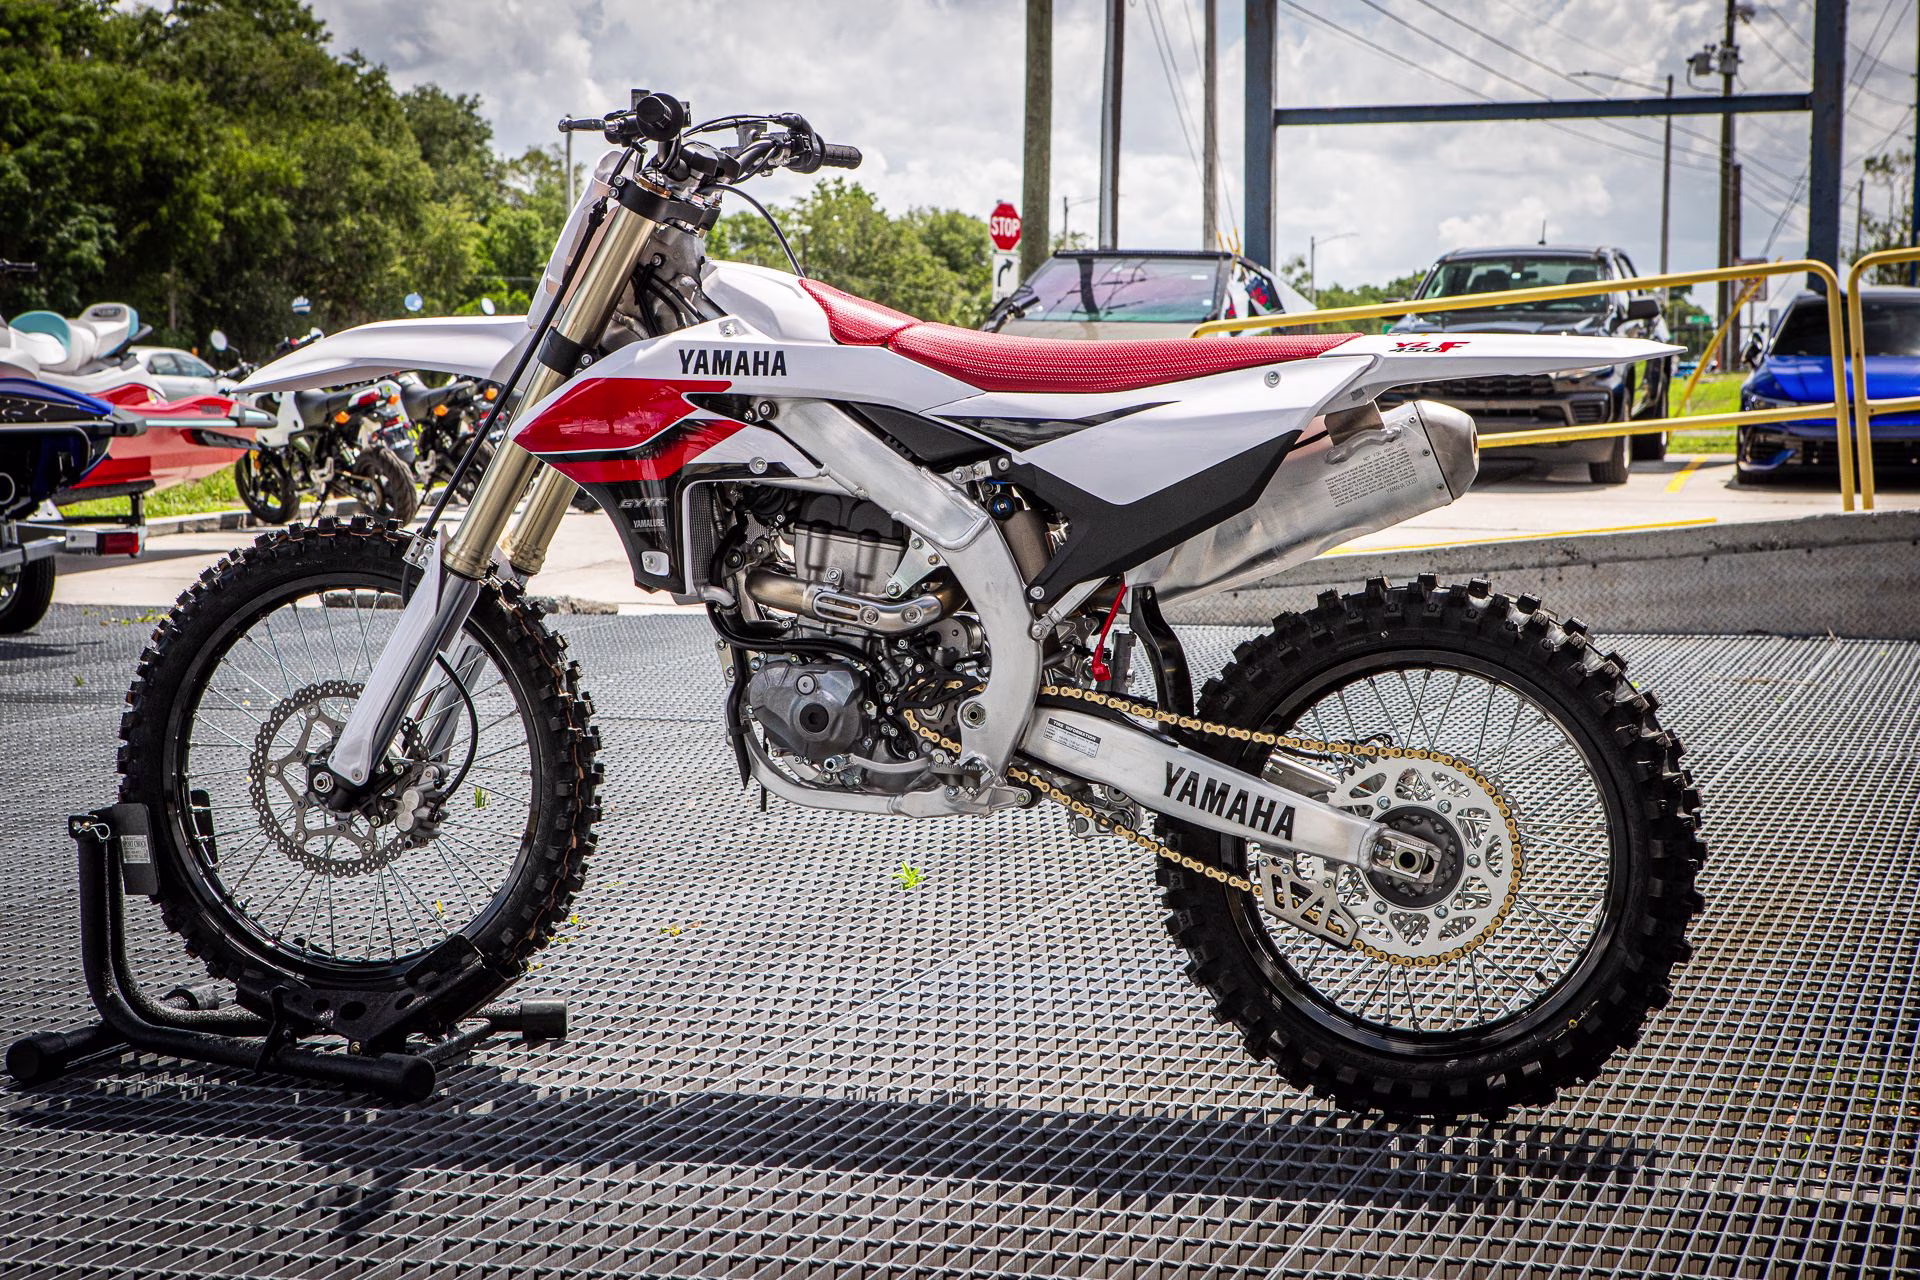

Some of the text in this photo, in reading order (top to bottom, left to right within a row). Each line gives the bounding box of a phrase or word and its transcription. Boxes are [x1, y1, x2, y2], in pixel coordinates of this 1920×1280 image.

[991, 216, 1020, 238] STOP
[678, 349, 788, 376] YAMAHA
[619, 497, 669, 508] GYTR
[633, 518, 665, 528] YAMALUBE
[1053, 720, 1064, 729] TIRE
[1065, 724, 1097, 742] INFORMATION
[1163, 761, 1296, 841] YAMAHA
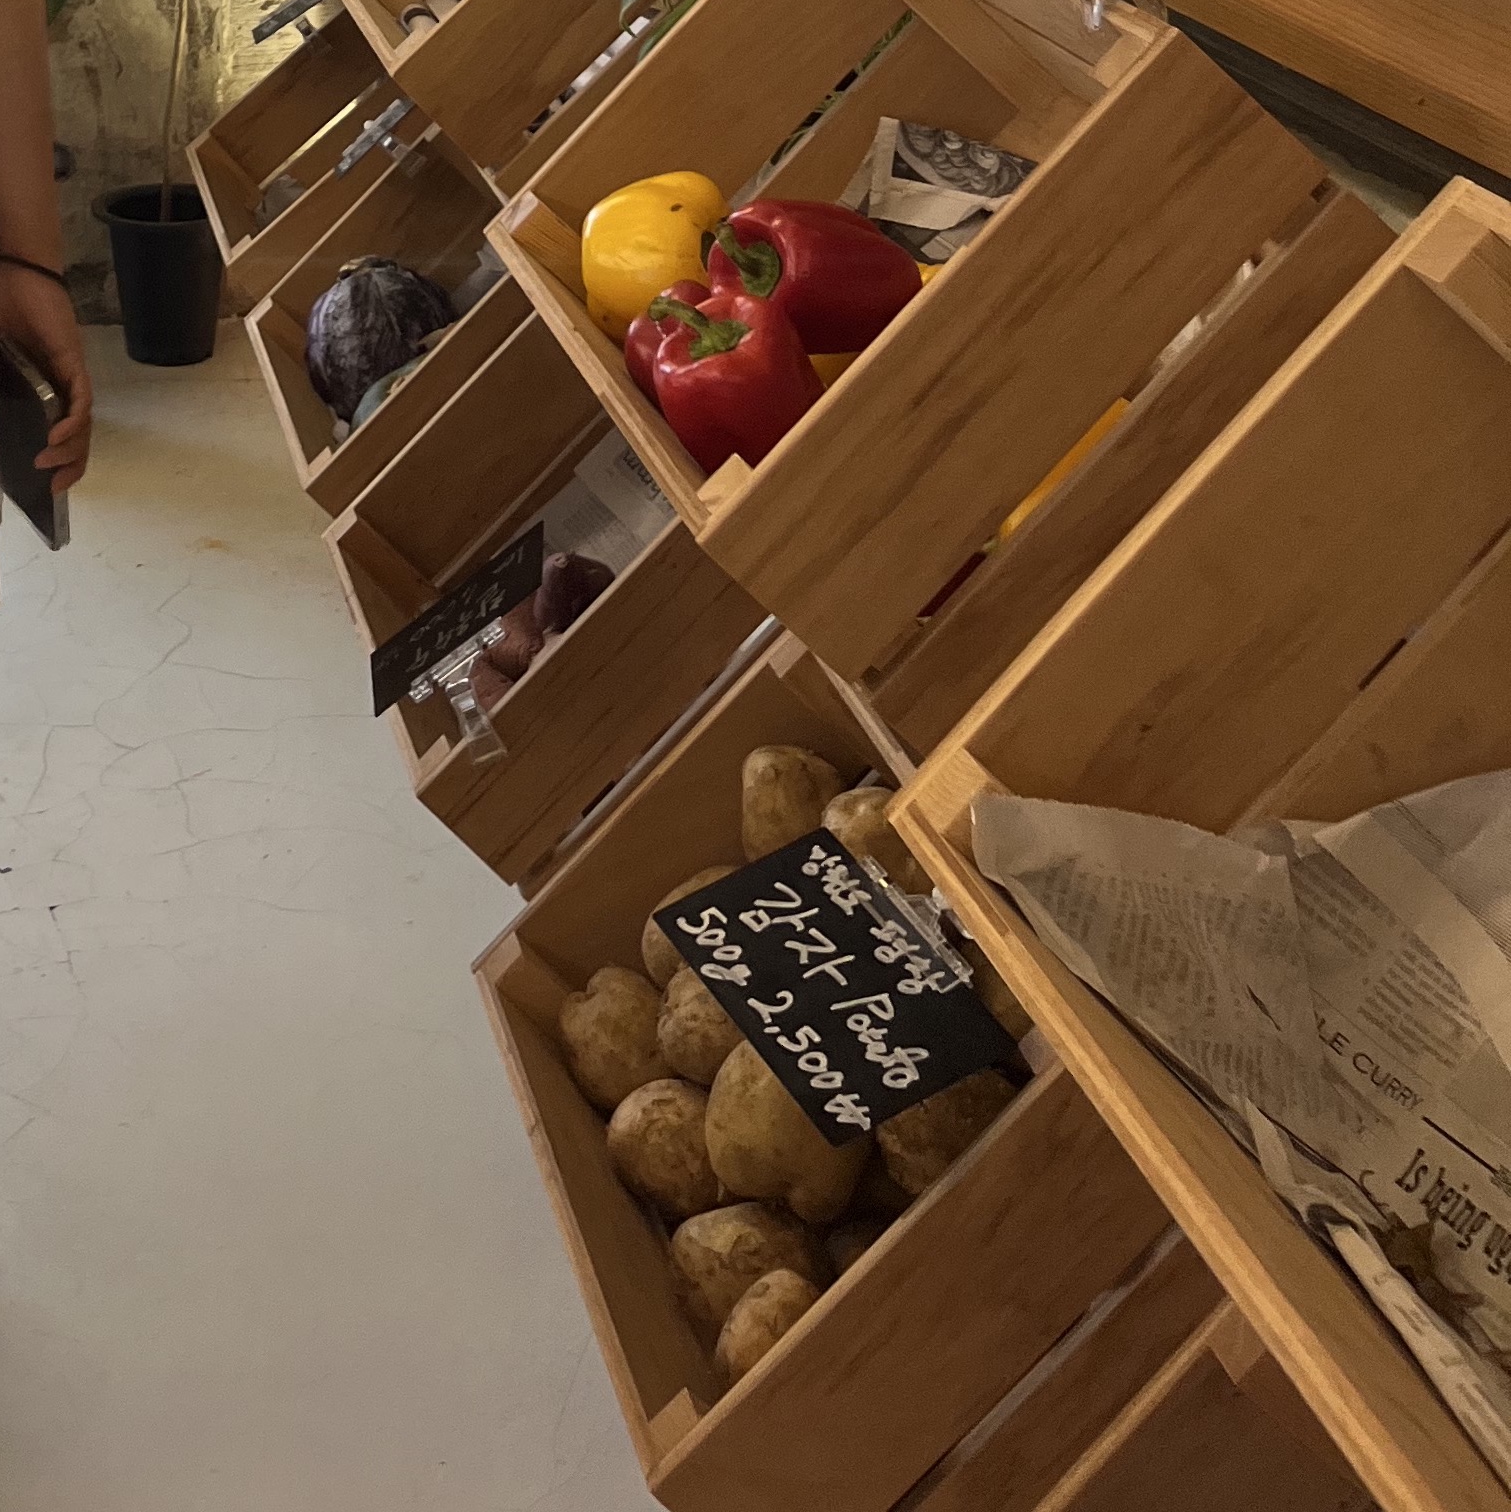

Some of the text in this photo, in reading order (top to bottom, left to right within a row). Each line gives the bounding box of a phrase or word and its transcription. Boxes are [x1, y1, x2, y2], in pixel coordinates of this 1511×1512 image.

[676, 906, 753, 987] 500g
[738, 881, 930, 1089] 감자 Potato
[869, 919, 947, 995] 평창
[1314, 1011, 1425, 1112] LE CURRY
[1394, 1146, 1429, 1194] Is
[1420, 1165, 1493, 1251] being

**********

What you have to do ->
Everything from the line containing "this 1511×1512 image." through the final line of the records is what you should print, exactly and with nothing added.

Output for this task ->
Some of the text in this photo, in reading order (top to bottom, left to right within a row). Each line gives the bounding box of a phrase or word and its transcription. Boxes are [x1, y1, x2, y2], in pixel coordinates of this 1511×1512 image.

[676, 906, 753, 987] 500g
[738, 881, 930, 1089] 감자 Potato
[869, 919, 947, 995] 평창
[1314, 1011, 1425, 1112] LE CURRY
[1394, 1146, 1429, 1194] Is
[1420, 1165, 1493, 1251] being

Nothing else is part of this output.